Adobe PDF-based attacks to spread the use of fake antivirus software

Researchers at security company “Sophos has detected that the attacker uses a PDF file to identify the version of Adobe Reader and triggers an appropriate attack code. If used effectively, demands for Sophos, a selection of fake antivirus software download and implemented on the target computer. Chester Wisniewski, Senior Security Advisor at Sophos, says that the first direction, the user to http://CENSORED/kt/ck_fuh/w ###_. pdf. Since many different other malicious PDF document, identifies the Adobe PDF Acrobat / Reader PC version is on the victim and then takes a load that the user can take advantage of safety without a note, as reported by Softpedia 2 July 2010. Wisniewski writes in his blog that the attack uses CVE 2009-0927, CVE-2008-2992, CVE- CVE 2007-5659 and 2009-4324 are versions of Acrobat and Reader, 9th 0th x, .. 1 8 2 and 7. first and 0 earlier, as reported by Sophos June 30, 2010. The researchers also explained that the first version PDF Acrobat corrupt the victim discovers and uses it to trigger a PDF file suitable for use. when the victim visits the URL tries to load the PDFs via your browser, which is forwarded to Google.
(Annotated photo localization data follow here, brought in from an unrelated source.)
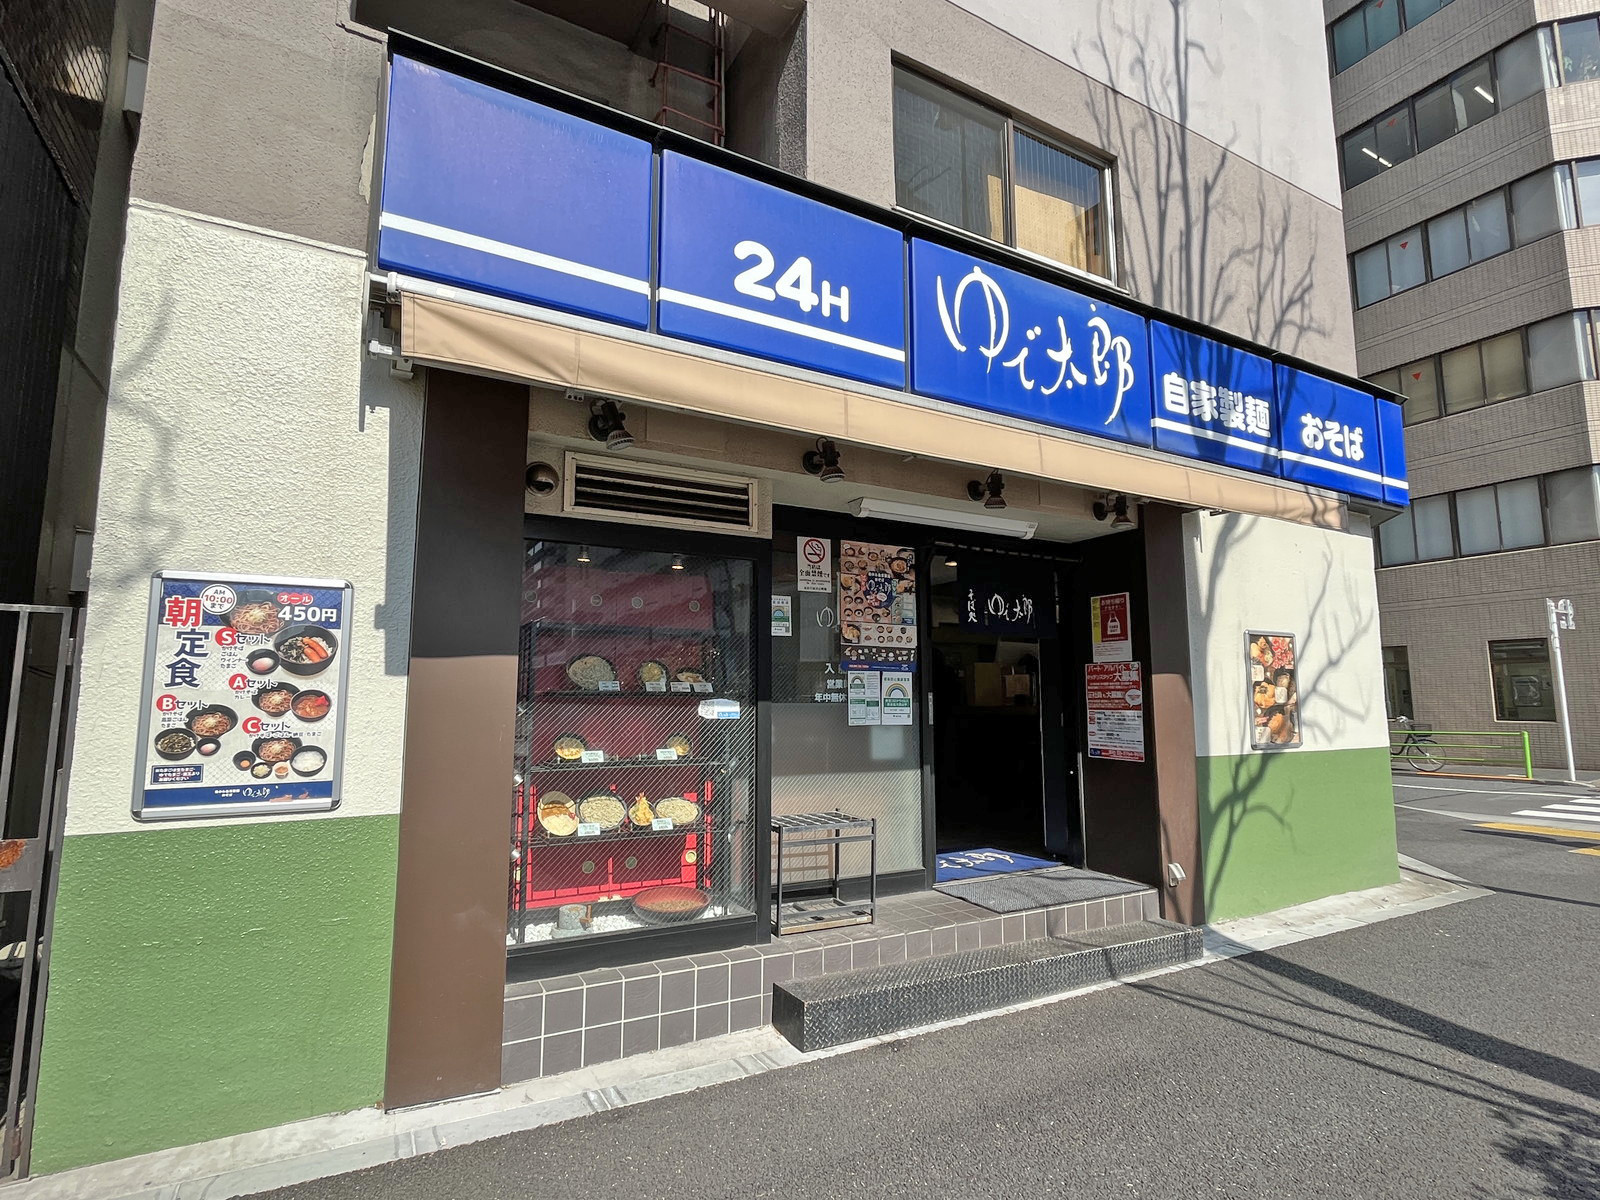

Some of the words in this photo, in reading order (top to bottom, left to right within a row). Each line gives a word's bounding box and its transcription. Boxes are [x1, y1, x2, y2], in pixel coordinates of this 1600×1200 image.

[733, 240, 849, 323] 24H
[936, 265, 1135, 425] ゆで太郎
[1162, 371, 1271, 438] 自家製麺
[1300, 412, 1365, 462] おそば
[204, 594, 234, 604] 10:00
[280, 594, 311, 603] オール
[277, 605, 338, 623] 450円
[987, 592, 1033, 625] ゆで太郎
[164, 596, 211, 688] 朝定食
[221, 631, 271, 646] Sセット
[232, 676, 278, 689] Aセット
[162, 697, 209, 710] Bセット
[247, 719, 291, 731] Cセット
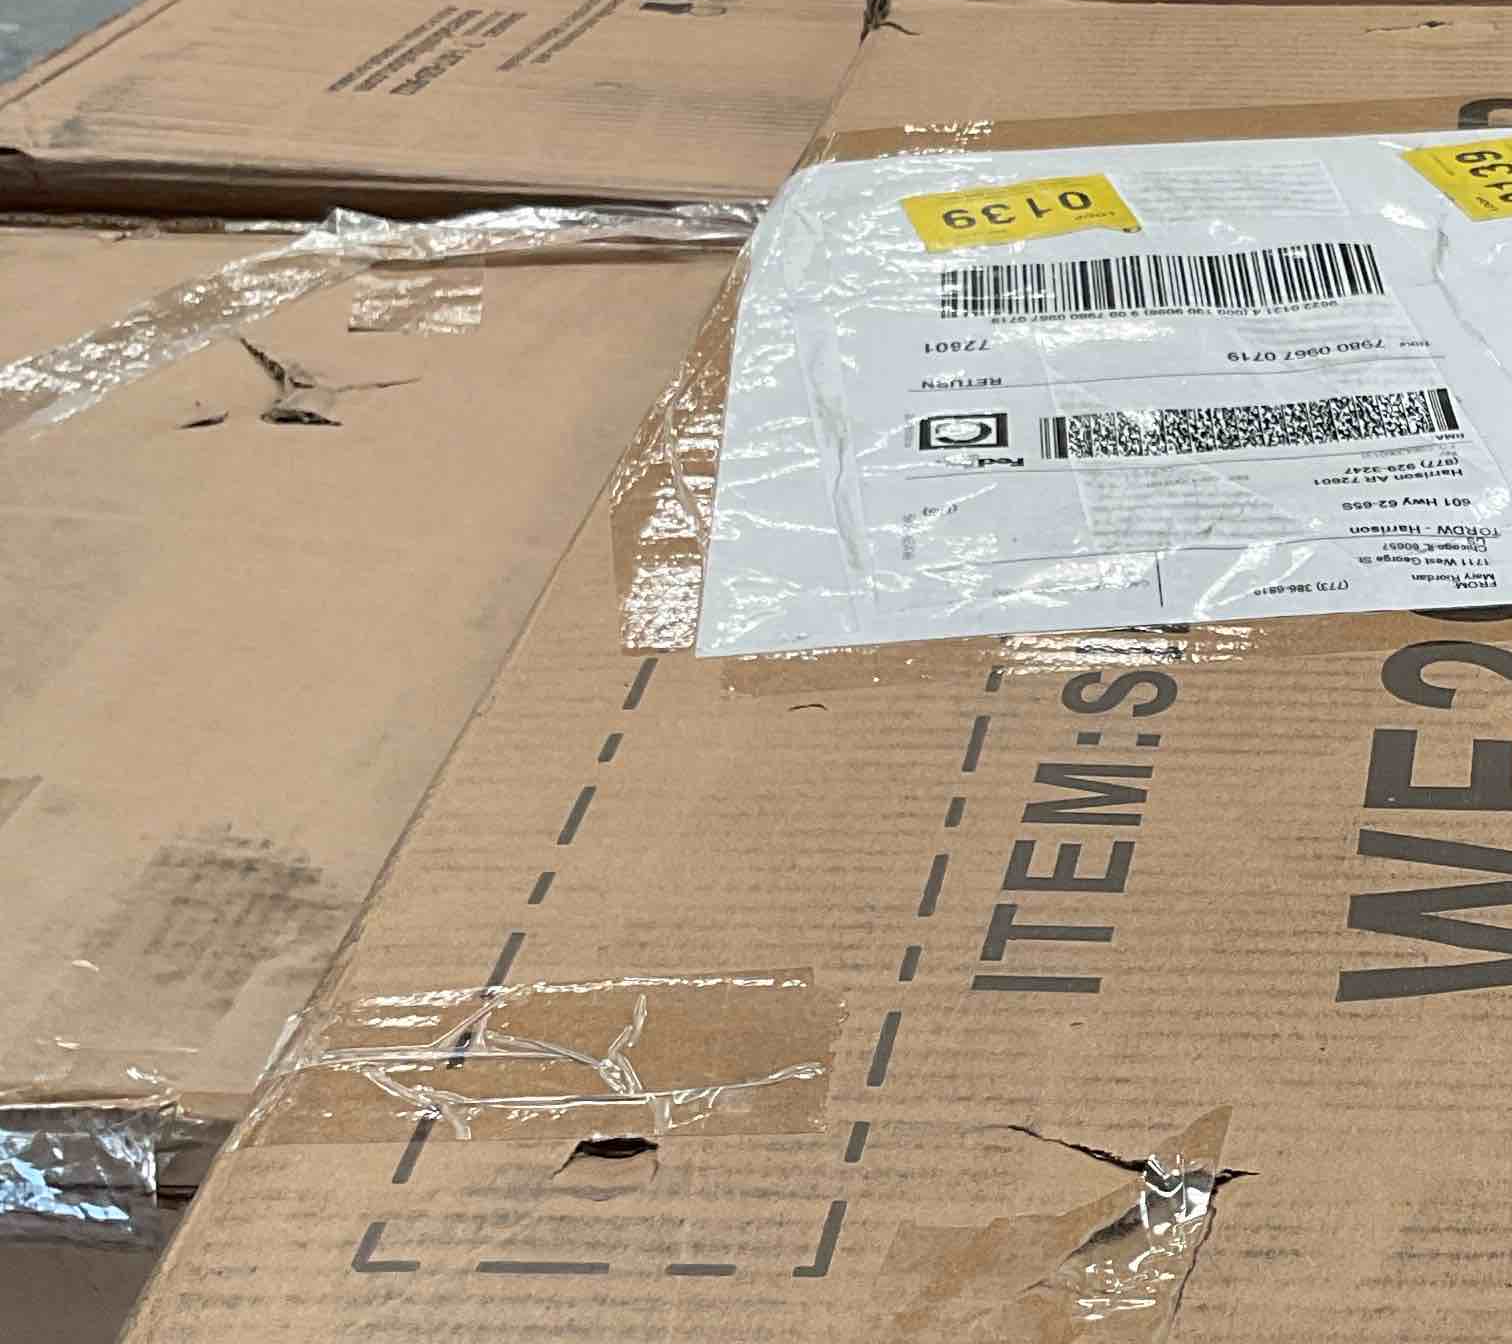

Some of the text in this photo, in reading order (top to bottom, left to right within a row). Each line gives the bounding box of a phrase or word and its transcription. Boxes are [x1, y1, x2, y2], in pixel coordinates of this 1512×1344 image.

[943, 190, 1092, 231] 0139
[1337, 338, 1384, 353] 7980
[1227, 352, 1276, 362] 0719
[1284, 346, 1331, 361] 0967
[1366, 475, 1392, 483] AR
[1395, 469, 1463, 481] Harrison
[1403, 497, 1437, 507] Hwy
[1443, 498, 1471, 506] 601
[1350, 524, 1421, 535] Harrison
[1376, 556, 1422, 566] George
[1425, 557, 1457, 566] West
[1461, 557, 1489, 566] 1711
[1465, 572, 1495, 581] Mary
[1317, 579, 1349, 592] (773)
[1455, 580, 1497, 589] FROM
[971, 644, 1188, 992] ITEM:S
If you use Adobe Acrobat / Reader, which may be a file start polluting malignant Windows computers, add Wisniewski. Apparently, the researchers say that the payload is Sophos Troj / FakeAV-BTI, which turns off the phishing filter in Internet Explorer. The labels also FAKEAV. exe so minimal risk and rolls of detection of executable files. Also, disable any proxy servers that can be set, which means that malicious software attacks on home computers. The attack does not affect anyone that has done its Acrobat / Reader update from February 2009. But many computers that are running without spots. In commenting on the attack, said security researchers Hackers can use PDF technology to detect attacks more difficult for security researchers. further develop this concept has been implemented with the payload as a mere display, and the address of the second access through the Reader. If accessed via a browser, a redirect would be fired connect to Google . com.